Still, not all of me is ruled by my dick. And I’m not too far gone that I can’t make sure she understands what she’s agreeing to.

“One night,” I repeat as she again turns toward the bar’s exit. “You understand what I’m saying, Ro?” I ask, using her name for the first time since this strange but exhilarating dance between us started. “That’s all I have to give you. It’s all I want to give,” I continue, giving her the truth no matter how much of it paints me with the asshole brush.

But to not lay it all out there really does make me a douche. With all the crap going on in my life—heavy career decisions, family issues, an ex who refuses to acknowledge she’s an ex—I’m looking for an escape, not another complication. Another responsibility.

Another opportunity to disappoint.

The corner of her mouth quirks. “I understand the definition of a one-night stand perfectly,” she drawls. Then, before I can respond, she tosses my coat toward me. On reflex, I snatch it out the air. “I’ll meet you out front at two. And if you’re going to be standing out here freezing your ass off, you might need this.”

With that, she pulls open the door and disappears through it.

I stare at the spot where she stood, a little stunned, a little confused, and a lot aroused. Shaking my head, I glance down at my watch.
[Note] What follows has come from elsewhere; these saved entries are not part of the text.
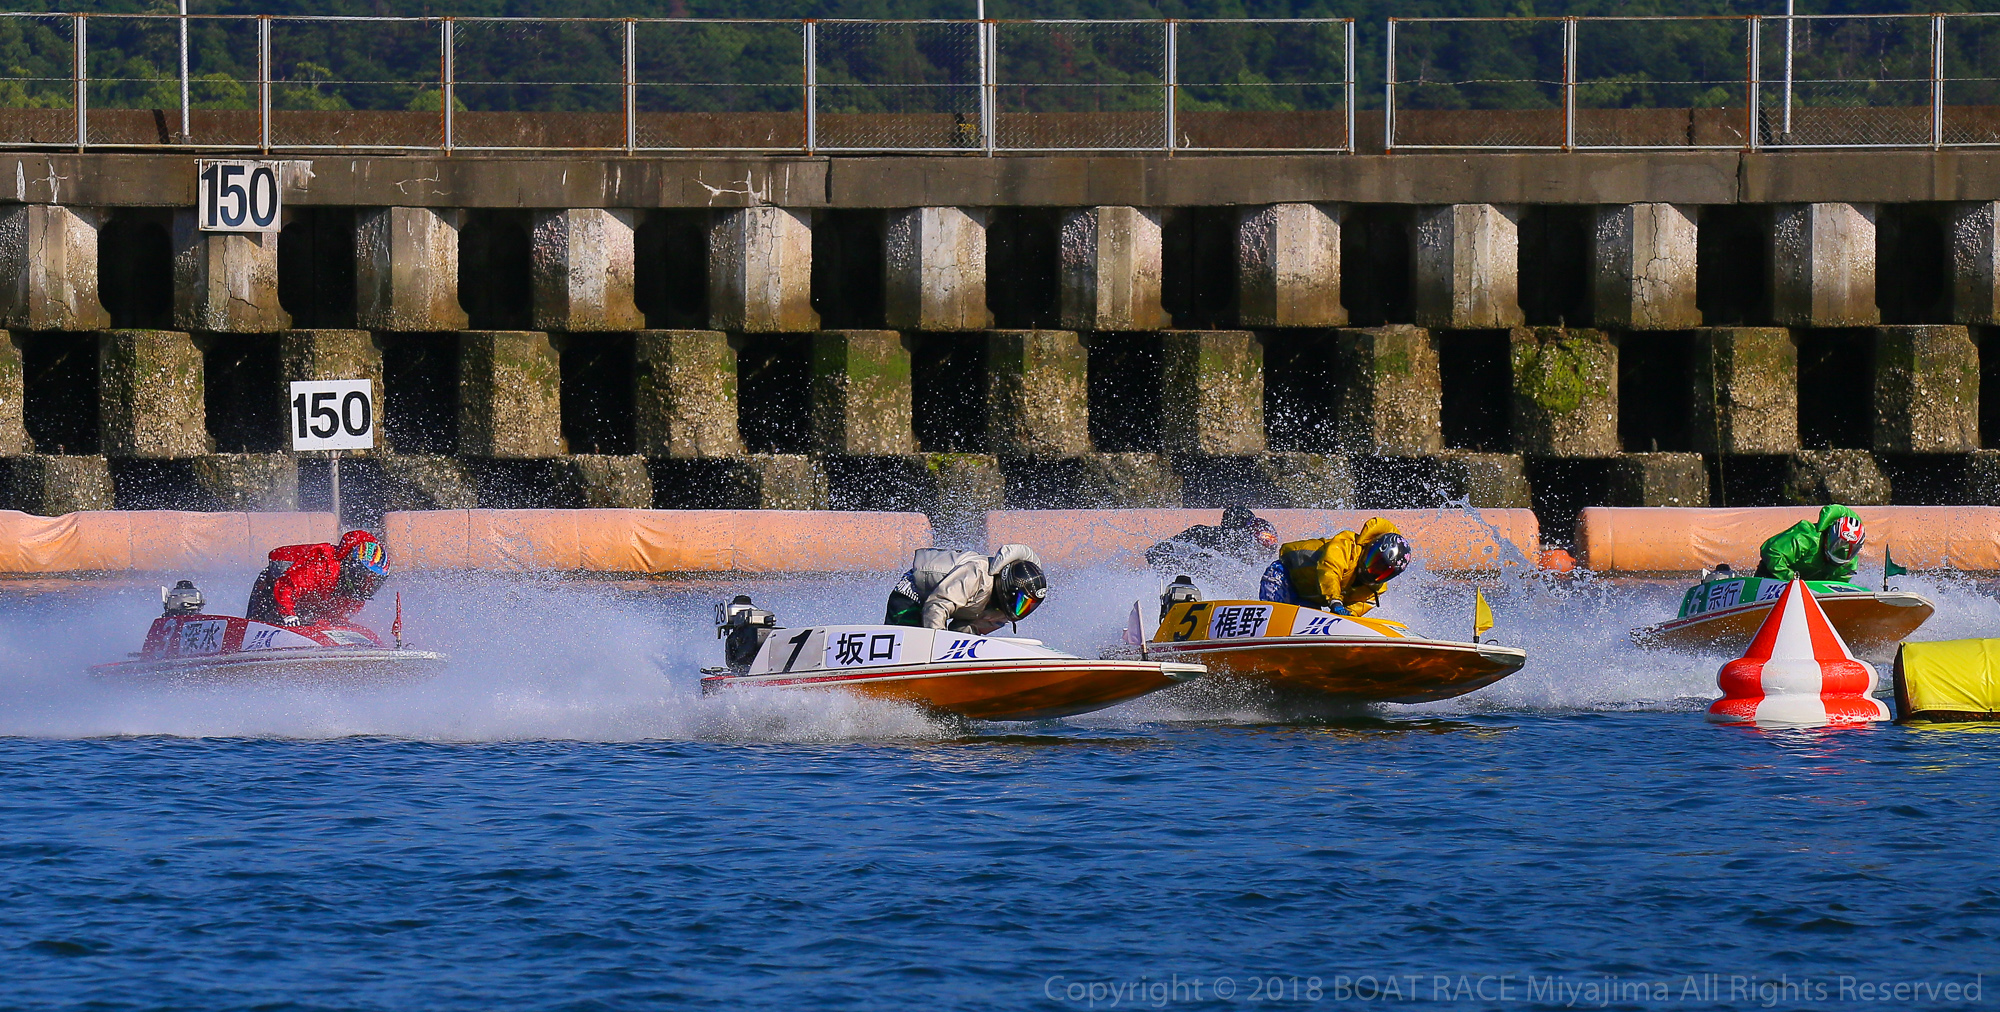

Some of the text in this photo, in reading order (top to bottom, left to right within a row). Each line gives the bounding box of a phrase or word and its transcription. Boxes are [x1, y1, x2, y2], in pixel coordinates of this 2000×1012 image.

[201, 164, 278, 228] 150
[292, 390, 371, 439] 150
[1687, 584, 1706, 615] 6
[1708, 582, 1740, 611] 宗行
[714, 602, 726, 625] 28
[1173, 603, 1206, 641] 5
[1215, 607, 1267, 638] 梶野
[183, 621, 221, 650] 深水
[782, 629, 813, 674] 1
[835, 632, 896, 666] 坂口
A little under three hours until she’s off.

“Shit,” I mutter, pinching the bridge of my nose.

This—propositioning this woman—is either the most brilliant thing I’ve done today.

Or the dumbest.

For the life of me, I can’t tell which one.

Chapter Four

Cypress

Holy hellfire, I’m going to fuck an angel. I’m going to hell.

The inane condemnation of my eternal soul slides through my head as I push my arms through my coat and cinch the belt around my waist. My coat had seemed perfectly adequate to combat the winter chill before tonight. Before a certain man had draped his own jacket over mine and stood in the night air, impervious to the cold, his only concern my warmth as his huge body blocked the brisk wind.
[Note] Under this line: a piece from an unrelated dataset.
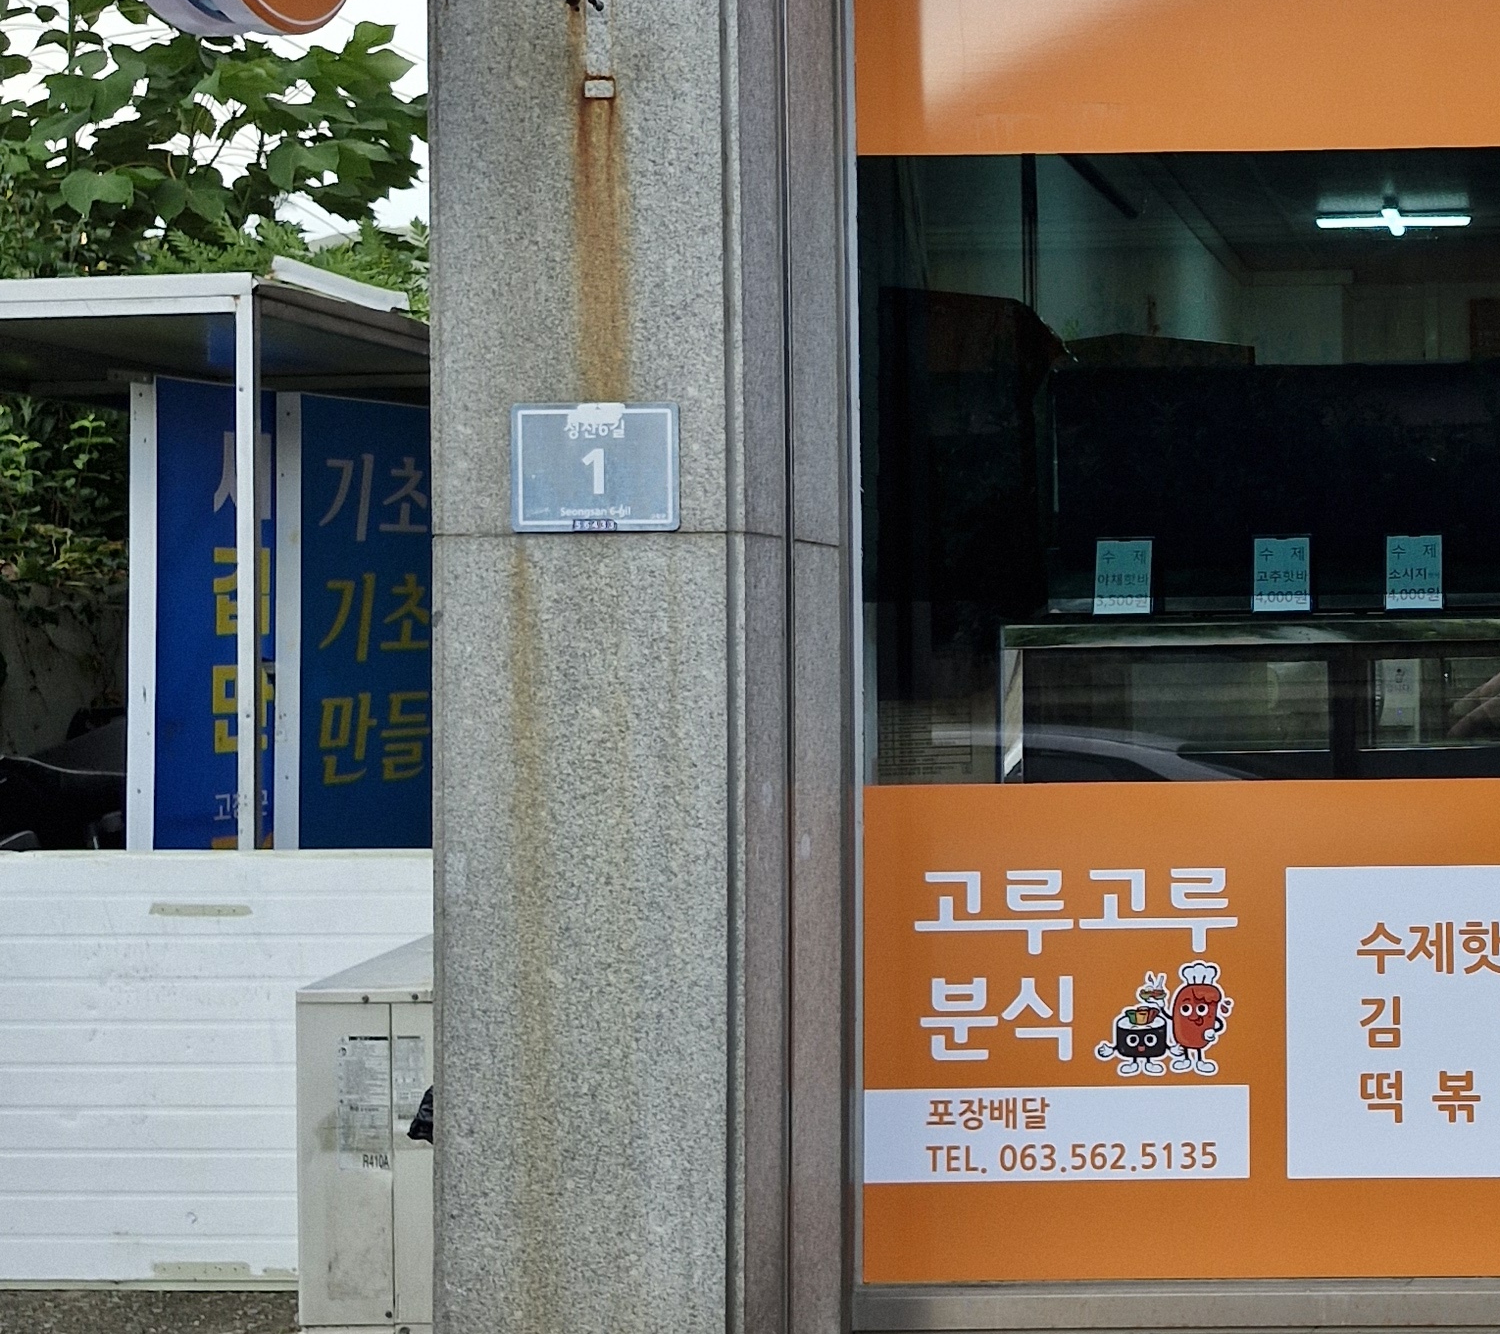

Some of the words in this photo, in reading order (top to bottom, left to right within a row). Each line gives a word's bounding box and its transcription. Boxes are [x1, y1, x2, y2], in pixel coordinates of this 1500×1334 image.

I pull my belt tighter, as if it can quell and contain the flutter in my belly. I don’t do “flutters.” That’s too sweet, a fanciful term for romantics who don’t recognize that chivalry is not just dead, but it’s been staked through the heart, burned, and had its ashes scattered over the grave of the white knight and his steed.

But a few hours ago, in that dimly lit alley? Chivalry had somehow pulled a Jesus Christ and resurrected like it was Easter Sunday, transforming this Doubting Thomas into a believer.
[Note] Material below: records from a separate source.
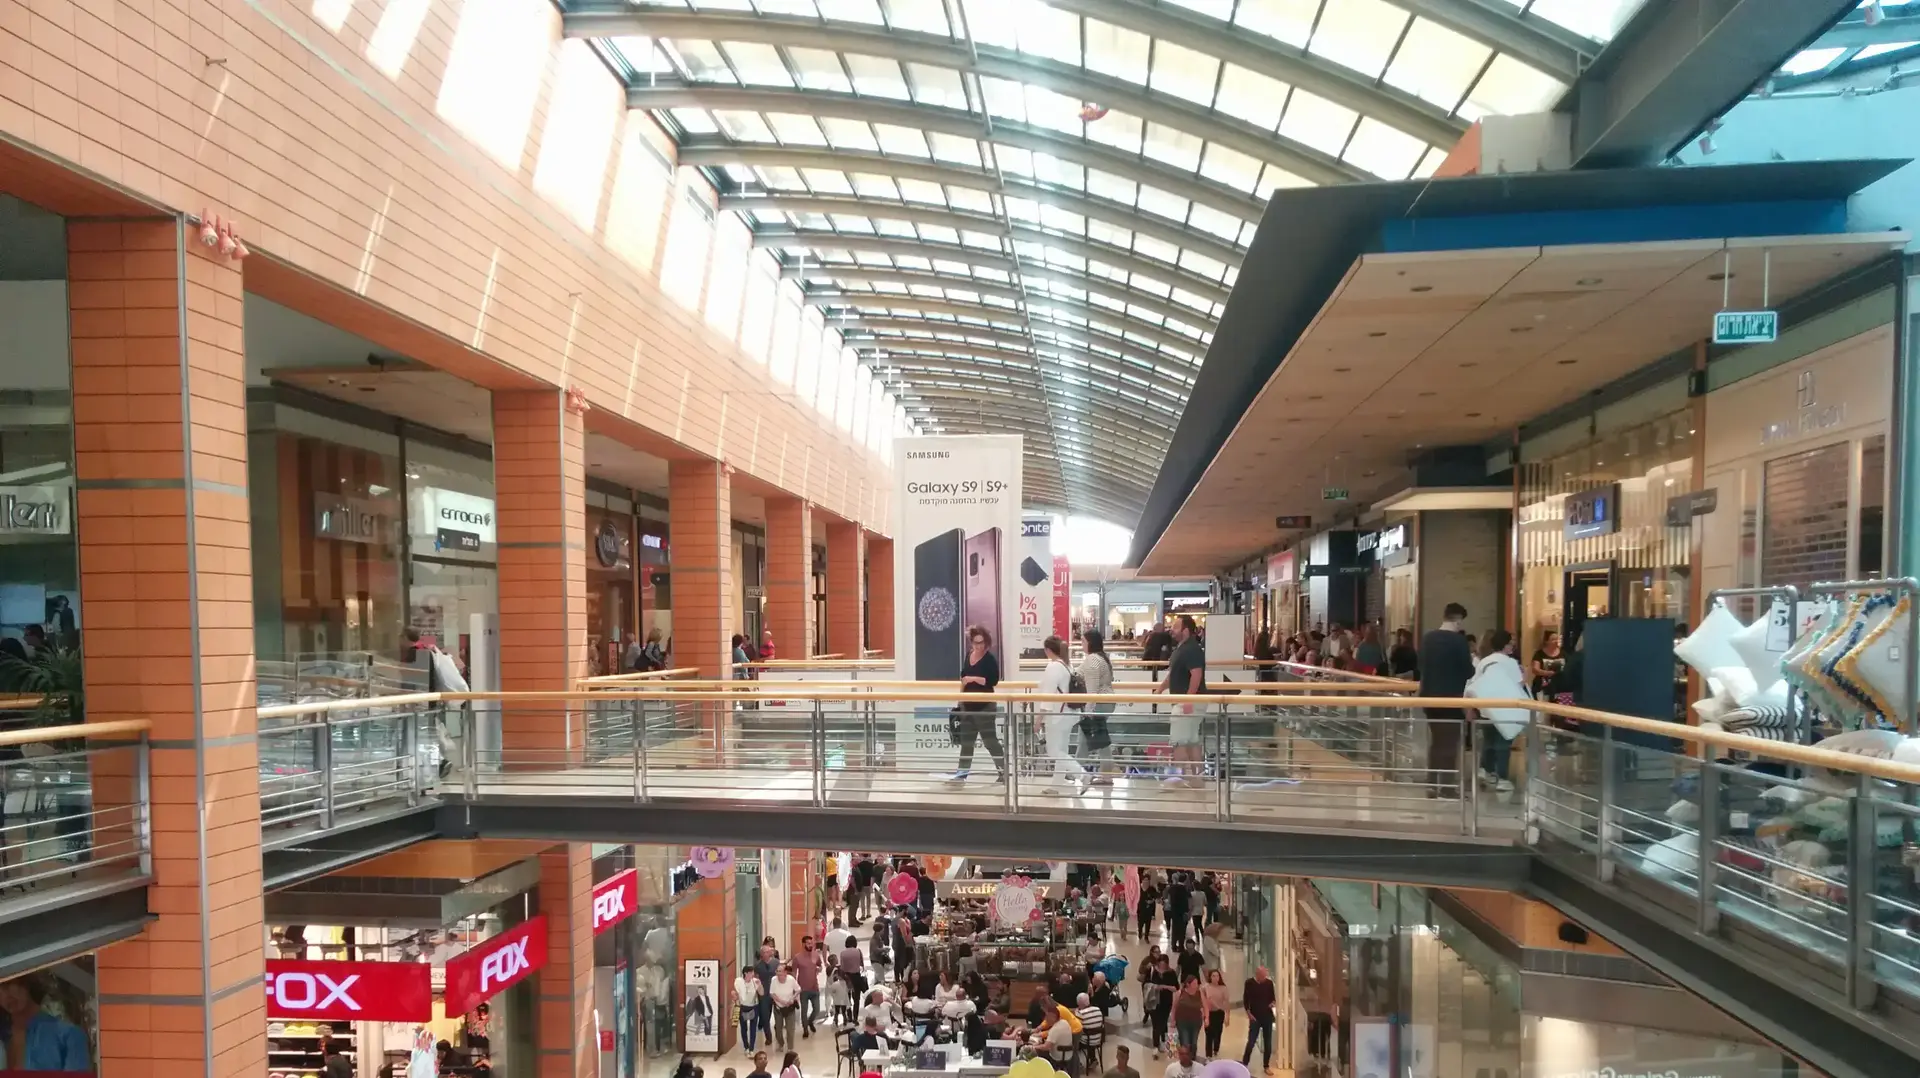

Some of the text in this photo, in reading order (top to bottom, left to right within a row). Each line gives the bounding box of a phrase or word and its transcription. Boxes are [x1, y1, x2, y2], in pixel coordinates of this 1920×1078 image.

[906, 451, 950, 459] SAMSUNG
[907, 481, 959, 496] Galaxy
[962, 481, 978, 493] S9
[986, 480, 1008, 492] S9+
[919, 498, 948, 506] מוקדמת
[593, 884, 625, 928] FOX
[1002, 892, 1028, 907] Hello
[481, 935, 530, 993] FOX
I pull my phone free of my pocket now and peek at the screen. 2:03 a.m. If he keeps his word, Jay will be standing outside, waiting on me, the promise to screw me senseless in those startling emerald eyes.

A barrage of anticipation and excitement runs through me. And a long-forgotten quote pops into my head.

I was smart enough to go through any door that opened.

While I seriously doubt the late, great Joan Rivers meant throwing caution to the wind and embarking on a hopefully hot-as-hell one-night stand with a stranger—a stranger who had gifted me with one of the most brain-numbing, panty-melting orgasms of my life—her nugget of wisdom still applies.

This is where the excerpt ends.